» **Exercise material**:

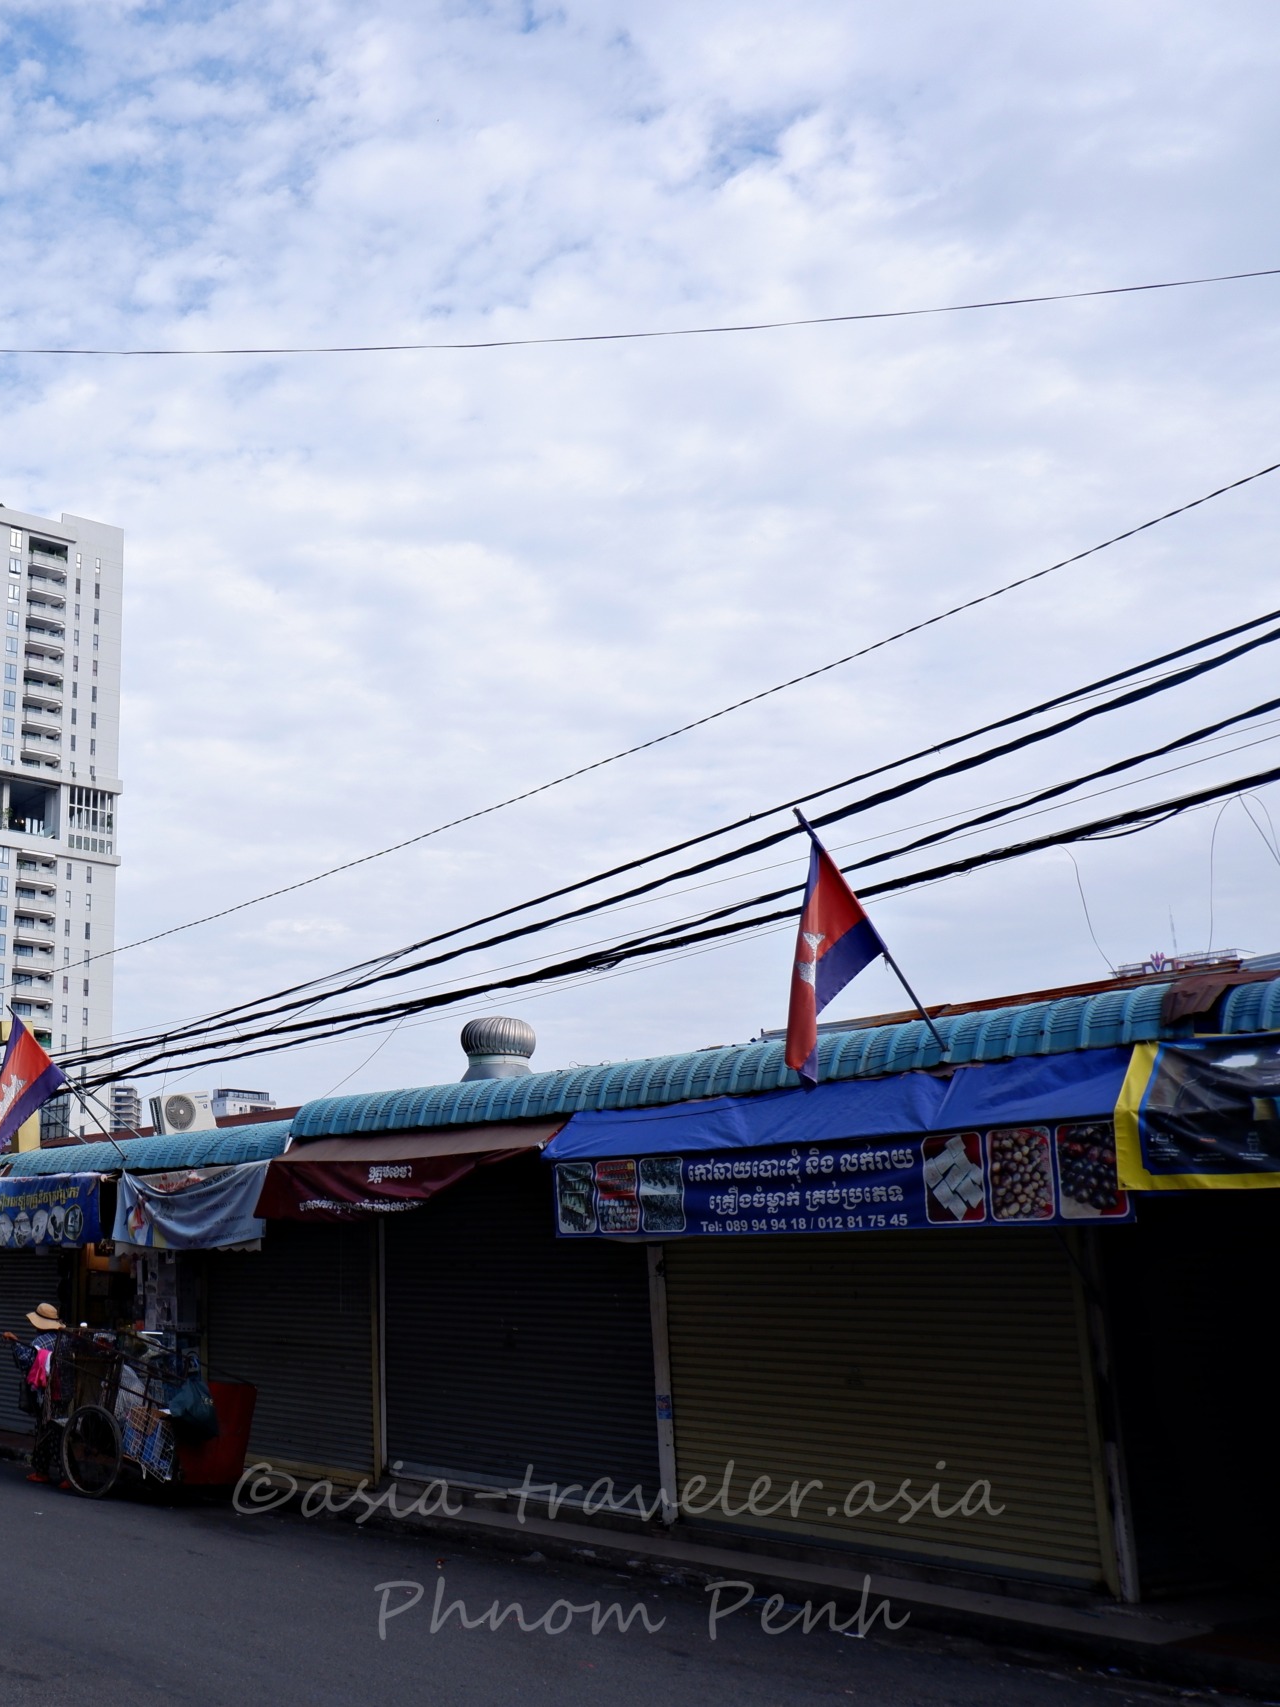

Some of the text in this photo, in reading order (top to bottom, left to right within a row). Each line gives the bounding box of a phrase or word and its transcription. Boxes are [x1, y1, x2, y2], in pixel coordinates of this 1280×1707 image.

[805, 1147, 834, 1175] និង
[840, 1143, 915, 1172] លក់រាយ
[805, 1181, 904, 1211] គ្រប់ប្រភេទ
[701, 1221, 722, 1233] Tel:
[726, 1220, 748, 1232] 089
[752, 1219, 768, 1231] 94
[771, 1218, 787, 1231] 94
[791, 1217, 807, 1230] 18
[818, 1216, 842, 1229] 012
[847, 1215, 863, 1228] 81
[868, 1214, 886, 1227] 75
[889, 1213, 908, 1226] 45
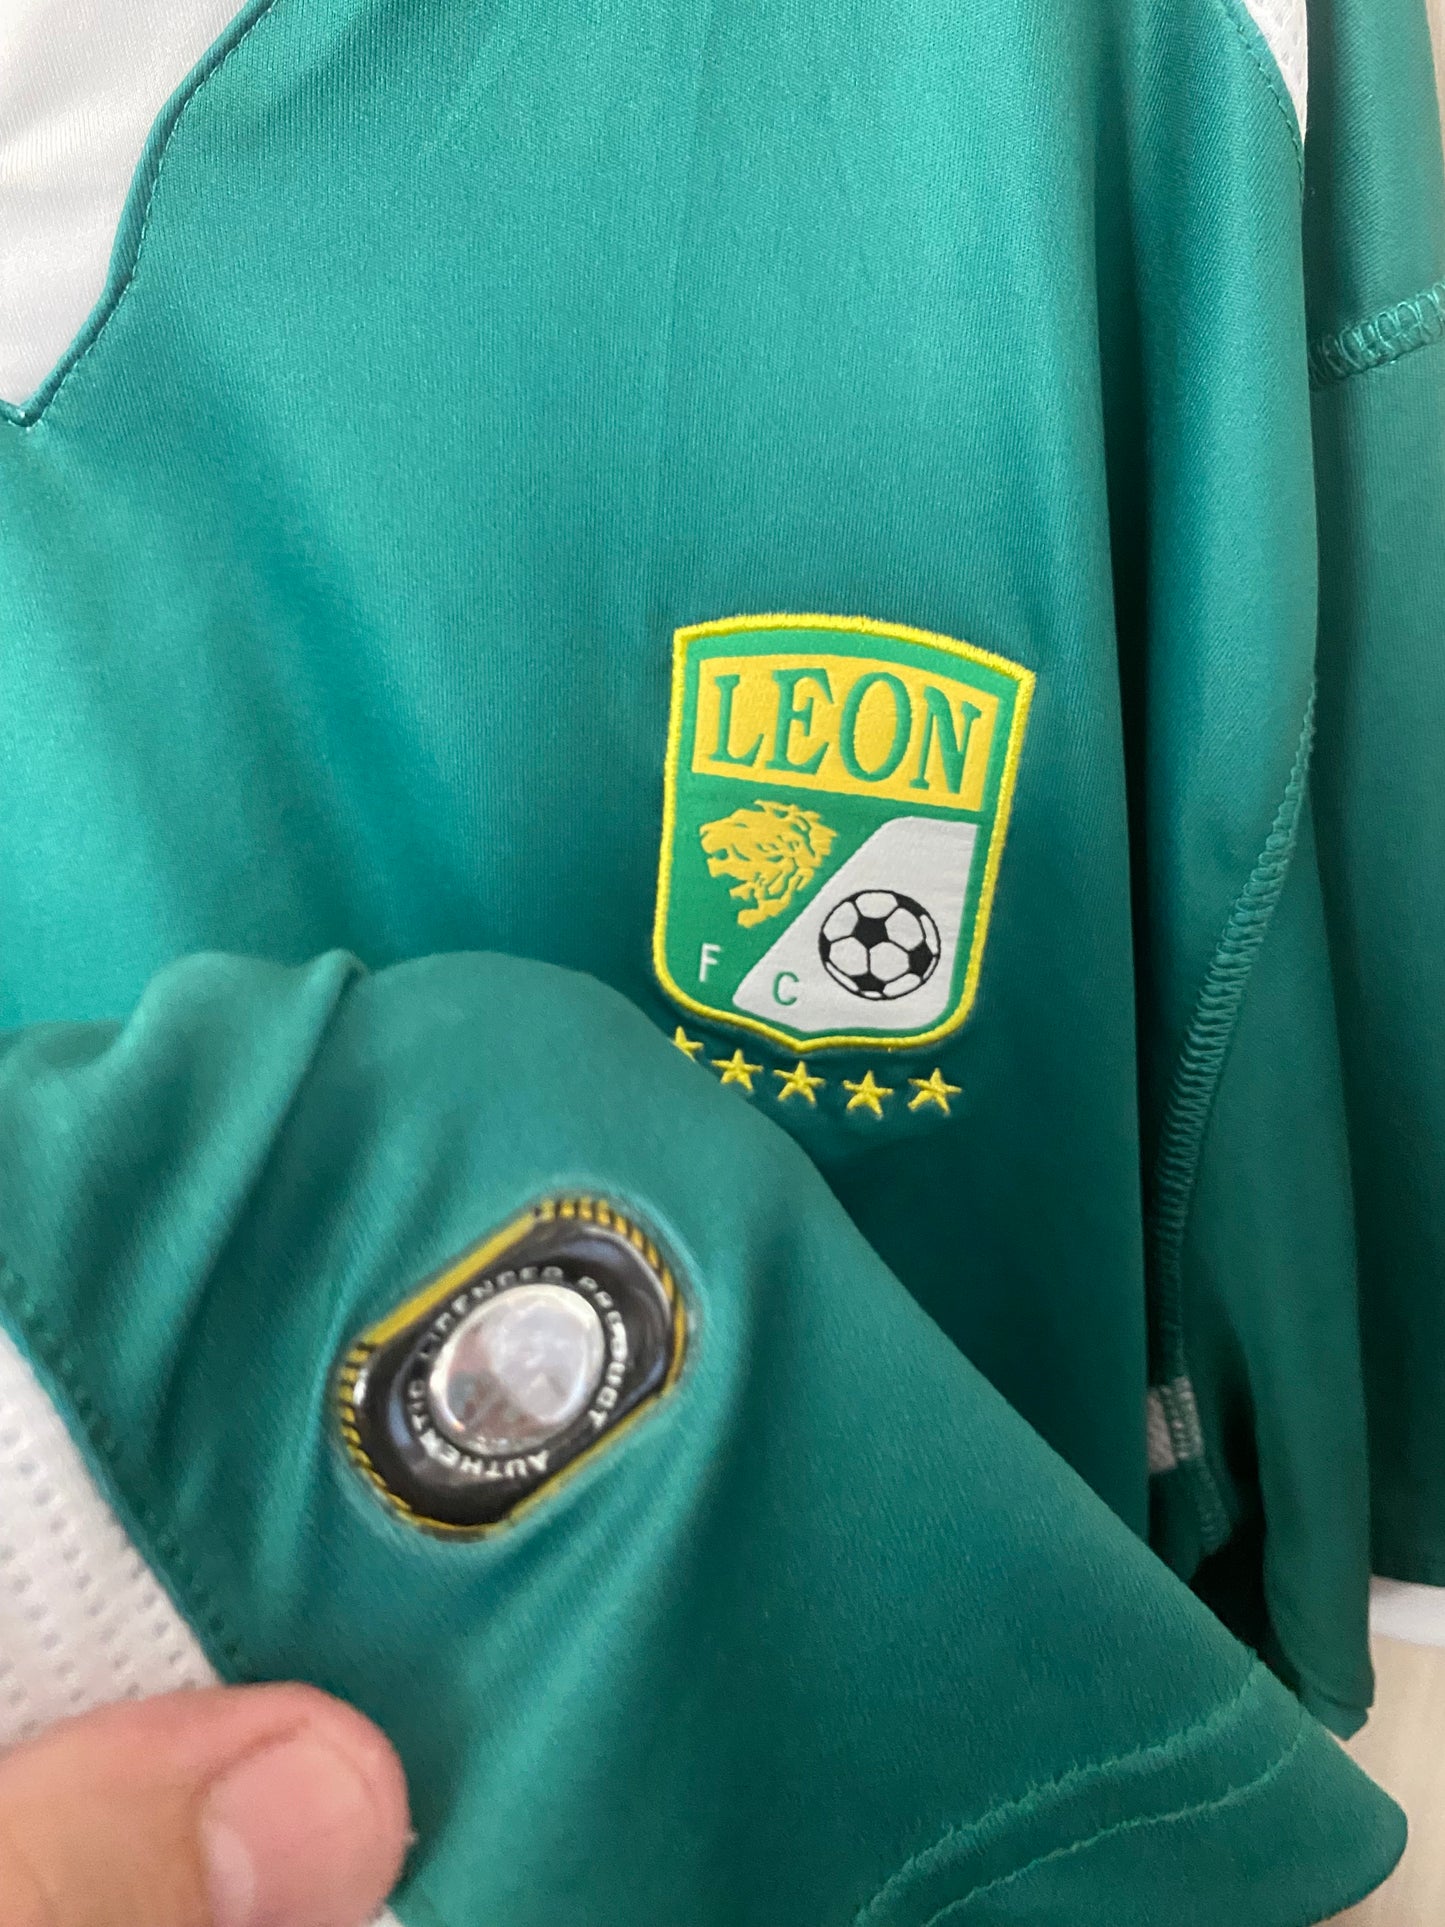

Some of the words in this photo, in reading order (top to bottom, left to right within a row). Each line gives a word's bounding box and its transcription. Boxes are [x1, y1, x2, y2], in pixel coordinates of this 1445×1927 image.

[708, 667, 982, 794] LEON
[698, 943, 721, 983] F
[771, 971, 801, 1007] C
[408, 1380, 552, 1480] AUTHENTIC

» **Exercise goal**:
Nothing but the records themselves, exact and complete, should be returned; leave the pictures out.

» **Answer below**:
Some of the text in this photo, in reading order (top to bottom, left to right within a row). Each line gives the bounding box of a phrase or word and its transcription. Boxes are [x1, y1, x2, y2], in pixel coordinates of this 1280×1707 image.

[805, 1147, 834, 1175] និង
[840, 1143, 915, 1172] លក់រាយ
[805, 1181, 904, 1211] គ្រប់ប្រភេទ
[701, 1221, 722, 1233] Tel:
[726, 1220, 748, 1232] 089
[752, 1219, 768, 1231] 94
[771, 1218, 787, 1231] 94
[791, 1217, 807, 1230] 18
[818, 1216, 842, 1229] 012
[847, 1215, 863, 1228] 81
[868, 1214, 886, 1227] 75
[889, 1213, 908, 1226] 45

Some of the words in this photo, in reading order (top to bottom, left to right within a row). Each line gives a word's bounding box and its transcription. Boxes are [x1, y1, x2, y2], in pixel coordinates of this 1445×1927 image.

[708, 667, 982, 794] LEON
[698, 943, 721, 983] F
[771, 971, 801, 1007] C
[408, 1380, 552, 1480] AUTHENTIC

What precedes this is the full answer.